Source records ::

┌──

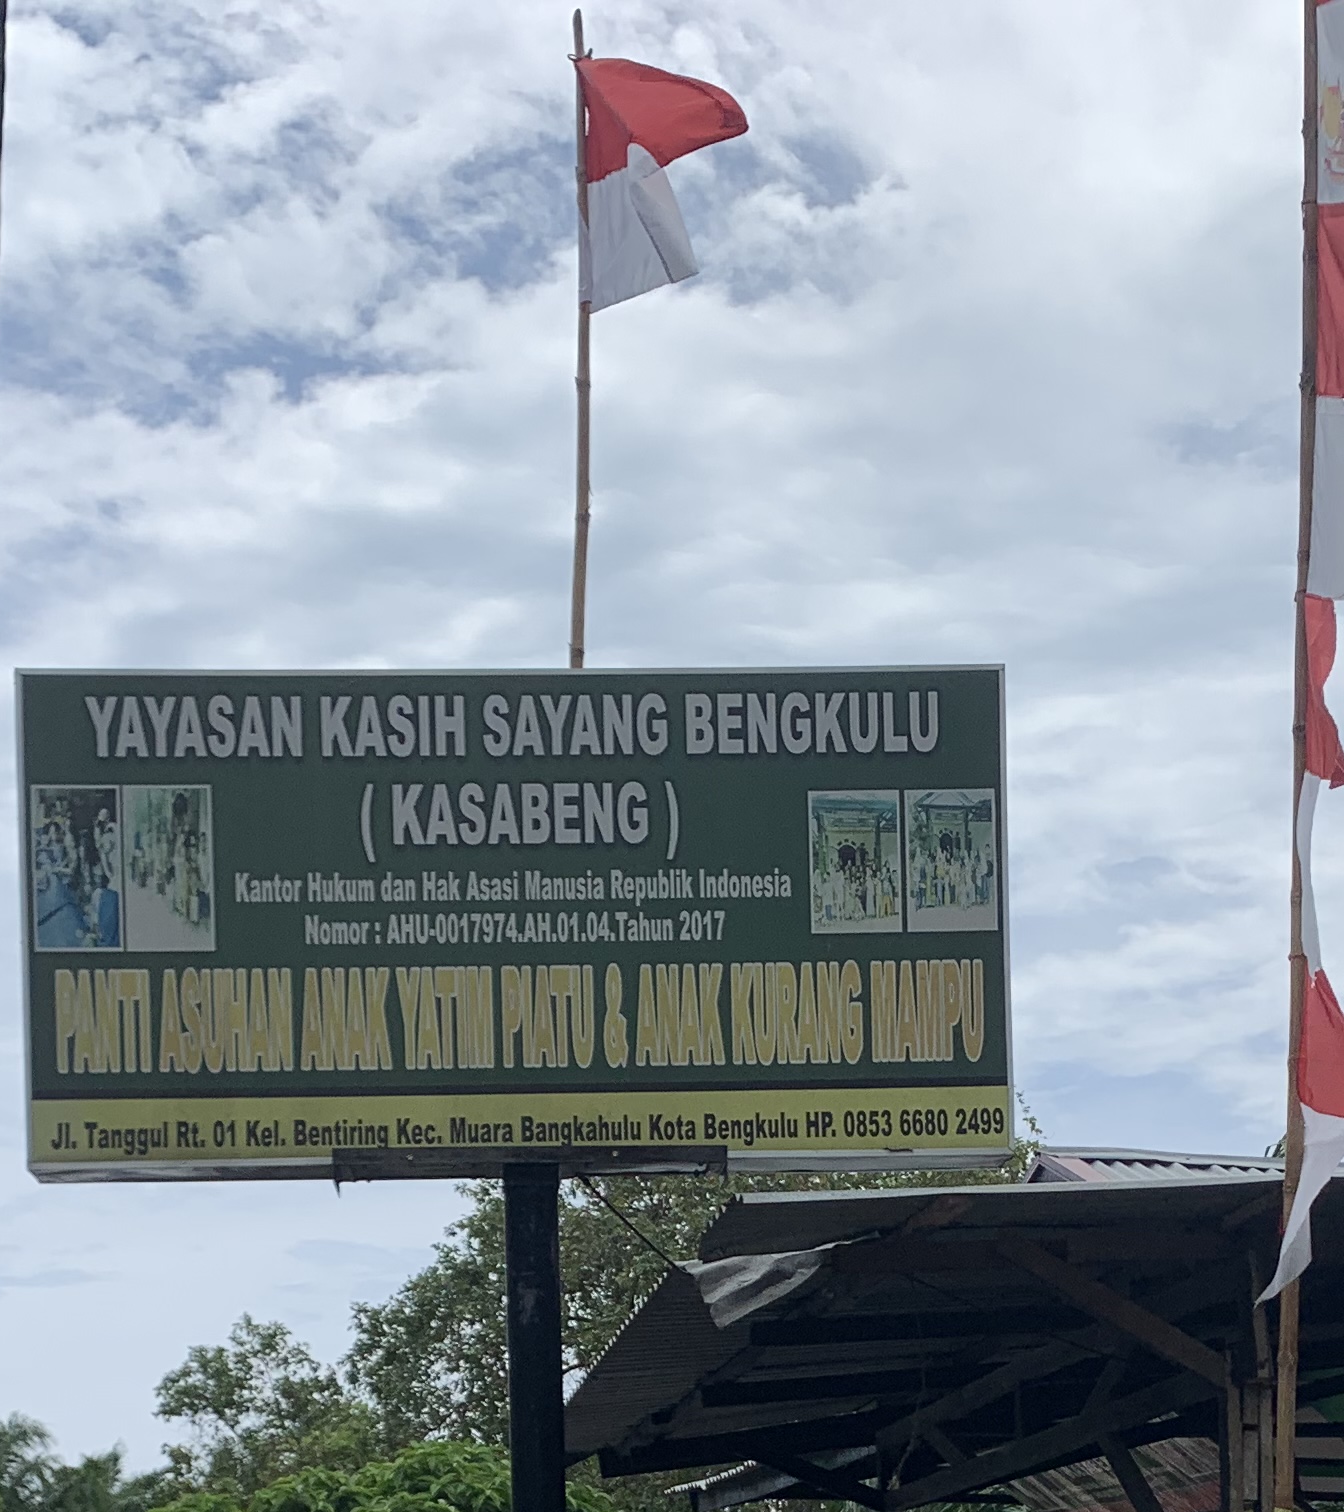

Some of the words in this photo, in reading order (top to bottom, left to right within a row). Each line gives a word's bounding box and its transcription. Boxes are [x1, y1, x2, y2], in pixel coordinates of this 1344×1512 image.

[84, 695, 303, 758] YAYASAN
[320, 695, 466, 757] KASIH
[482, 693, 669, 757] SAYANG
[684, 691, 940, 755] BENGKULU
[234, 872, 302, 902] Kantor
[307, 871, 375, 902] Hukum
[380, 871, 416, 901] dan
[422, 870, 460, 901] Hak
[466, 870, 519, 901] Asasi
[524, 869, 604, 900] Manusia
[610, 868, 694, 906] Republik
[699, 867, 792, 899] Indonesia
[304, 914, 369, 945] Nomor
[679, 910, 726, 941] 2017
[55, 967, 152, 1074] PANTI
[159, 966, 294, 1074] ASUHAN
[300, 966, 393, 1072] ANAK
[396, 965, 495, 1071] YATIM
[500, 963, 594, 1069] PIATU
[603, 963, 629, 1069] &
[636, 962, 726, 1067] ANAK
[730, 960, 864, 1066] KURANG
[870, 958, 985, 1063] MAMPU
[84, 1121, 169, 1156] Tanggul
[176, 1120, 205, 1148] Rt.
[213, 1120, 236, 1147] 01
[245, 1120, 286, 1147] Kel.
[294, 1118, 389, 1148] Bentiring
[396, 1117, 442, 1145] Kec.
[449, 1116, 514, 1144] Muara
[521, 1114, 642, 1147] Bangkahulu
[648, 1113, 696, 1141] Kota
[705, 1111, 799, 1146] Bengkulu
[805, 1111, 837, 1138] HP.
[843, 1109, 892, 1137] 0853
[899, 1108, 948, 1136] 6680
[955, 1107, 1005, 1135] 2499
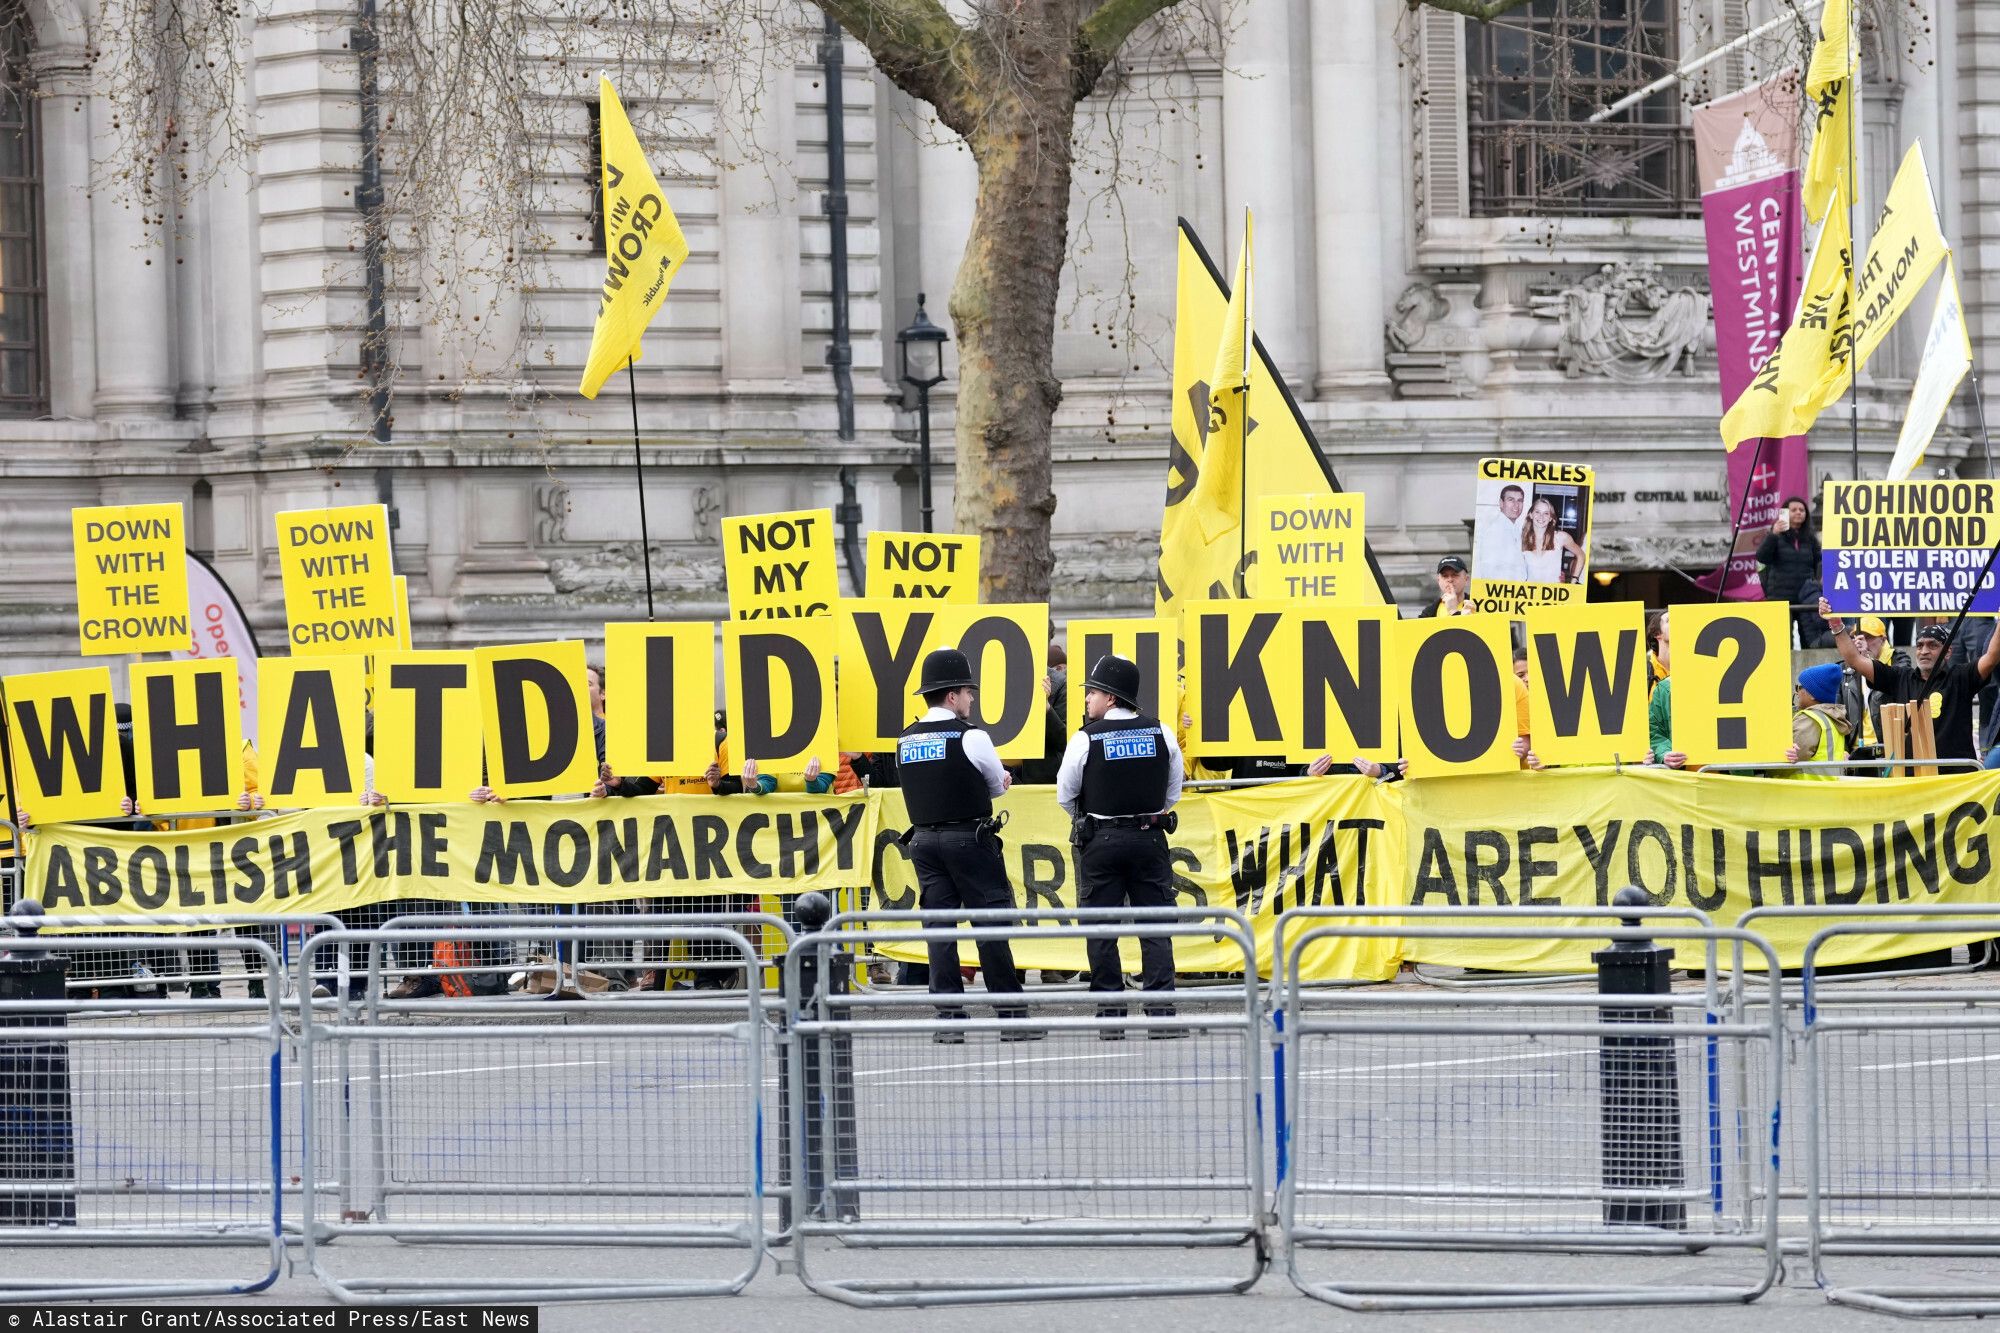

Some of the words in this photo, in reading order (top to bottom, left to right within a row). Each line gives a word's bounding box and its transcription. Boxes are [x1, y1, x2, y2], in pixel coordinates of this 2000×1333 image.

[1733, 202, 1772, 373] WESTMINS
[1483, 459, 1586, 482] CHARLES
[1634, 491, 1687, 503] CENTRAL
[1693, 490, 1719, 502] HALL
[1833, 484, 1994, 514] KOHINOOR
[86, 518, 171, 543] DOWN
[1270, 508, 1352, 531] DOWN
[290, 520, 374, 546] DOWN
[739, 518, 815, 553] NOT
[1841, 517, 1986, 547] DIAMOND
[96, 551, 165, 574] WITH
[884, 541, 962, 572] NOT
[1277, 542, 1344, 564] WITH
[1838, 550, 1919, 569] STOLEN
[1927, 550, 1990, 568] FROM
[301, 552, 370, 579] WITH
[754, 561, 810, 595] MY
[1285, 575, 1336, 597] THE
[1834, 572, 1849, 589] A
[1856, 572, 1883, 589] 10
[1889, 572, 1946, 589] YEAR
[106, 584, 160, 606] THE
[312, 586, 366, 610] THE
[1486, 583, 1537, 600] WHAT
[1542, 587, 1570, 601] DID
[1860, 593, 1912, 611] SIKH
[1919, 592, 1973, 611] KING
[83, 615, 187, 640] CROWN
[292, 617, 394, 645] CROWN
[902, 747, 945, 762] POLICE
[1106, 743, 1155, 758] POLICE
[42, 831, 312, 909] ABOLISH
[327, 812, 448, 886] THE
[474, 803, 865, 887] MONARCHY
[1225, 819, 1385, 916] WHAT
[1410, 827, 1562, 907] ARE
[1572, 819, 1726, 912] YOU
[1746, 792, 1999, 906] HIDING

└──

WHAT THE EXERCISE ASKS :: Exclude the images, then output the data above word for word.

OUTPUT BELOW ::
Some of the words in this photo, in reading order (top to bottom, left to right within a row). Each line gives a word's bounding box and its transcription. Boxes are [x1, y1, x2, y2], in pixel coordinates of this 1344×1512 image.

[84, 695, 303, 758] YAYASAN
[320, 695, 466, 757] KASIH
[482, 693, 669, 757] SAYANG
[684, 691, 940, 755] BENGKULU
[234, 872, 302, 902] Kantor
[307, 871, 375, 902] Hukum
[380, 871, 416, 901] dan
[422, 870, 460, 901] Hak
[466, 870, 519, 901] Asasi
[524, 869, 604, 900] Manusia
[610, 868, 694, 906] Republik
[699, 867, 792, 899] Indonesia
[304, 914, 369, 945] Nomor
[679, 910, 726, 941] 2017
[55, 967, 152, 1074] PANTI
[159, 966, 294, 1074] ASUHAN
[300, 966, 393, 1072] ANAK
[396, 965, 495, 1071] YATIM
[500, 963, 594, 1069] PIATU
[603, 963, 629, 1069] &
[636, 962, 726, 1067] ANAK
[730, 960, 864, 1066] KURANG
[870, 958, 985, 1063] MAMPU
[84, 1121, 169, 1156] Tanggul
[176, 1120, 205, 1148] Rt.
[213, 1120, 236, 1147] 01
[245, 1120, 286, 1147] Kel.
[294, 1118, 389, 1148] Bentiring
[396, 1117, 442, 1145] Kec.
[449, 1116, 514, 1144] Muara
[521, 1114, 642, 1147] Bangkahulu
[648, 1113, 696, 1141] Kota
[705, 1111, 799, 1146] Bengkulu
[805, 1111, 837, 1138] HP.
[843, 1109, 892, 1137] 0853
[899, 1108, 948, 1136] 6680
[955, 1107, 1005, 1135] 2499

Some of the words in this photo, in reading order (top to bottom, left to right within a row). Each line gives a word's bounding box and its transcription. Boxes are [x1, y1, x2, y2], in pixel coordinates of this 2000×1333 image.

[1733, 202, 1772, 373] WESTMINS
[1483, 459, 1586, 482] CHARLES
[1634, 491, 1687, 503] CENTRAL
[1693, 490, 1719, 502] HALL
[1833, 484, 1994, 514] KOHINOOR
[86, 518, 171, 543] DOWN
[1270, 508, 1352, 531] DOWN
[290, 520, 374, 546] DOWN
[739, 518, 815, 553] NOT
[1841, 517, 1986, 547] DIAMOND
[96, 551, 165, 574] WITH
[884, 541, 962, 572] NOT
[1277, 542, 1344, 564] WITH
[1838, 550, 1919, 569] STOLEN
[1927, 550, 1990, 568] FROM
[301, 552, 370, 579] WITH
[754, 561, 810, 595] MY
[1285, 575, 1336, 597] THE
[1834, 572, 1849, 589] A
[1856, 572, 1883, 589] 10
[1889, 572, 1946, 589] YEAR
[106, 584, 160, 606] THE
[312, 586, 366, 610] THE
[1486, 583, 1537, 600] WHAT
[1542, 587, 1570, 601] DID
[1860, 593, 1912, 611] SIKH
[1919, 592, 1973, 611] KING
[83, 615, 187, 640] CROWN
[292, 617, 394, 645] CROWN
[902, 747, 945, 762] POLICE
[1106, 743, 1155, 758] POLICE
[42, 831, 312, 909] ABOLISH
[327, 812, 448, 886] THE
[474, 803, 865, 887] MONARCHY
[1225, 819, 1385, 916] WHAT
[1410, 827, 1562, 907] ARE
[1572, 819, 1726, 912] YOU
[1746, 792, 1999, 906] HIDING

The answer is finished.